Dr Georgina Brewis, UCL
Dr Charlotte Clements, London South Bank University
Object-based learning (OBL) is an active, experiential and student-centred style of learning which research indicates is a ‘more effective method of learning than listening to a lecture’. OBL is increasingly used in higher education across a range of disciplines, including history. It often takes place in collaboration with museums, archives and galleries, and involves students being taken out of the classroom for sessions facilitated by museum professionals. This can be a powerful form of learning but has significant resource implications.
What we want to discuss in this blog is the experience of creating a ‘curated teaching collection’ as part of a module on the history of voluntary organisations and NGOs which Georgina Brewis teaches in the UCL history department. This resource brings together everyday items from the twentieth-century history of charity in Britain. The original collection was purchased from eBay with a UCL Connected Curriculum Liberating the Curriculum grant in 2016, as part of wider project seeking to research, test and select new sources for teaching, on which Charlotte Clements worked as a research assistant. Georgina has added to the collection since, and indeed finds it hard to stop checking eBay for charity history items!
The collection now comprises twenty items (or sets of items), including a wooden tray handmade by servicemen blinded during the First World War, a tea cup and saucer from the National Union of Townswoman’s Guilds, a 1970s Woodcraft Folk shirt, a 1920s BBC ‘Radio Circle’ badge, several war charities fundraising flags, a 1963 ‘Youth against the bomb’ badge, a paper-mâché Dr Barnardo’s collecting box and some original World Refugee Year stamps.
Each object is linked to themes and topics we cover on the course – allowing us to have an ‘object of the week’ to discuss as an ice breaker. In week one, students are encouraged to examine several objects in detail to come up with their own ideas about what the object is and what cause or organisation it might be linked to (no googling allowed until the end of the session!). Handling physical objects can provide a tangible link to the past, allowing students to think about the experiences of those who might have used or worn the objects, but whose stories might not have survived in written form.
The sensory experience of handling objects in class allows us to engage students in different types of learning. In particular, somatic and embodied learning is promoted by having objects present in the classroom. Bringing touch, sound and smell into the classroom alongside more traditional techniques such as reading and small group discussion provides an alternative way of accessing the course content. Object handling is also linked to long-term retention of ideas and concepts. The everyday and familiar nature of the objects selected can be useful in making the topic accessible and in increasing engagement with course content.
Crucial to integrating OBL fully into any academic module is ensuring that it is reflected in assessment. For the course, students write a 2,500 word ‘object report’ that allows them to research a chosen object as a way into discussion and analysis of a wider theme or topic in the history of voluntary action. So far, students have really enjoyed the exercise, and love having the chance to do their own research and write a report. Another bonus is that Georgina actually looks forward to marking!

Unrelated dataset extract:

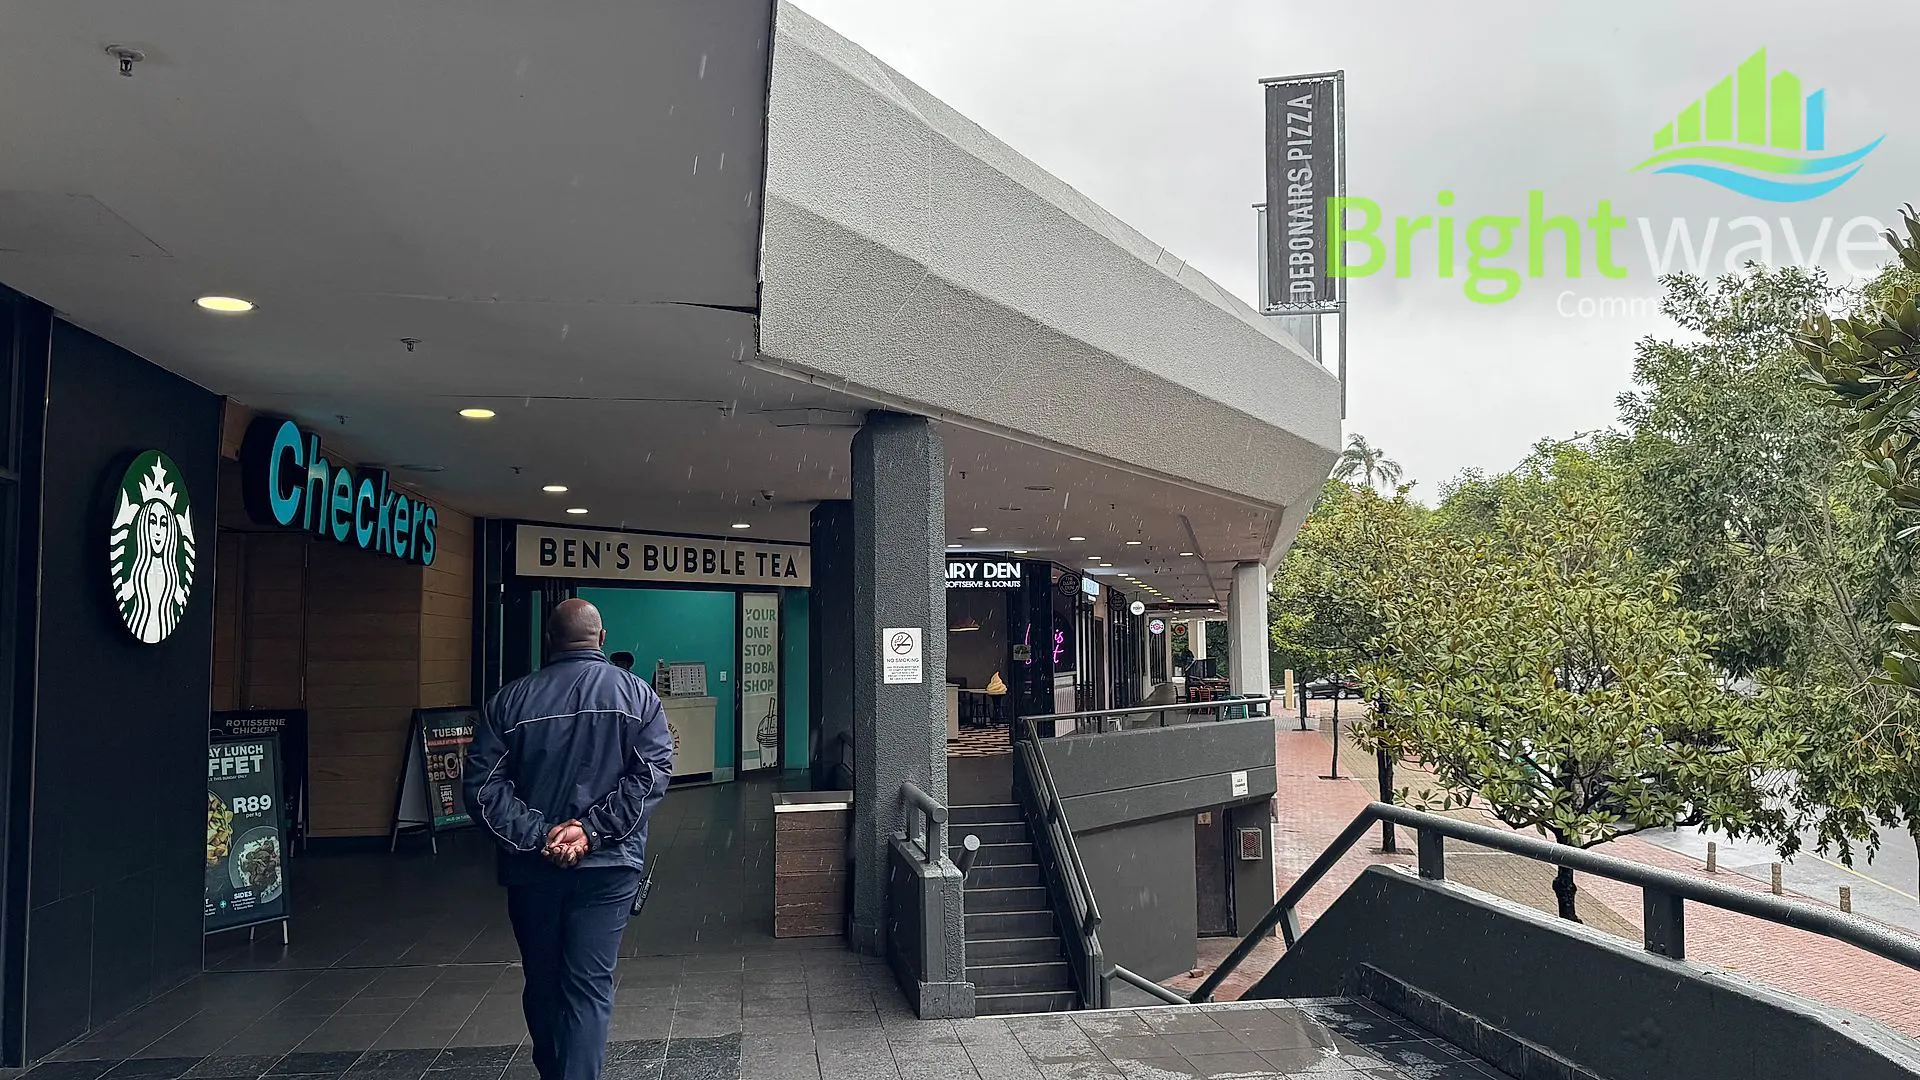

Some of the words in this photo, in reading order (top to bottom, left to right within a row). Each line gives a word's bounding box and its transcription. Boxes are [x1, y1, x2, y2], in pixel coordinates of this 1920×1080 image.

Currently Georgina has to carry objects around campus week-by-week, but plans are in development for a purpose-built OBL teaching lab at UCL (similar to the fantastic one at the University of Melbourne). There is some risk of damage to the collection from repeat handling, transport and lack of proper storage, but these are everyday objects used expressly for teaching, and they can always be replaced.
Compiling a curated teaching collection of objects is a pedagogical development from the largely museum-based approaches to teaching and using objects in higher education that dominates both practice and academic literature. The idea has been tested and refined through conversations and feedback from colleagues and students over the past couple of years. It offers an accessible opportunity for students to engage with material culture that is woven into the curriculum and assessment design of an individual course, and which helps support a range of learning styles. It’s also a lot of fun to teach!
Helen Chatterjee and Leonie Hannan (eds.) (2016) Engaging the Senses: Object-Based Learning in Higher Education. London: Routledge.
Charlotte Clements and Georgina Brewis (2018) ‘Good practice case study: Diversifying the Curriculum and Engaging Students through Archives and Object Handling’ in The Inclusivity Gap, ed. Karisa Krćmař. Aberdeen: Inspired By Learning.
About the Authors: Georgina Brewis and Charlotte Clements are both social historians who work closely with voluntary sector archives. Dr Brewis is Associate Professor in the History of Education at UCL. She is a historian of voluntary action, youth and education and is currently Honorary Secretary of the Social History Society. Dr Clements is Lecturer in History and Course Director of the BA in History at London South Bank University. Her research interests include charity, youth and welfare in modern Britain.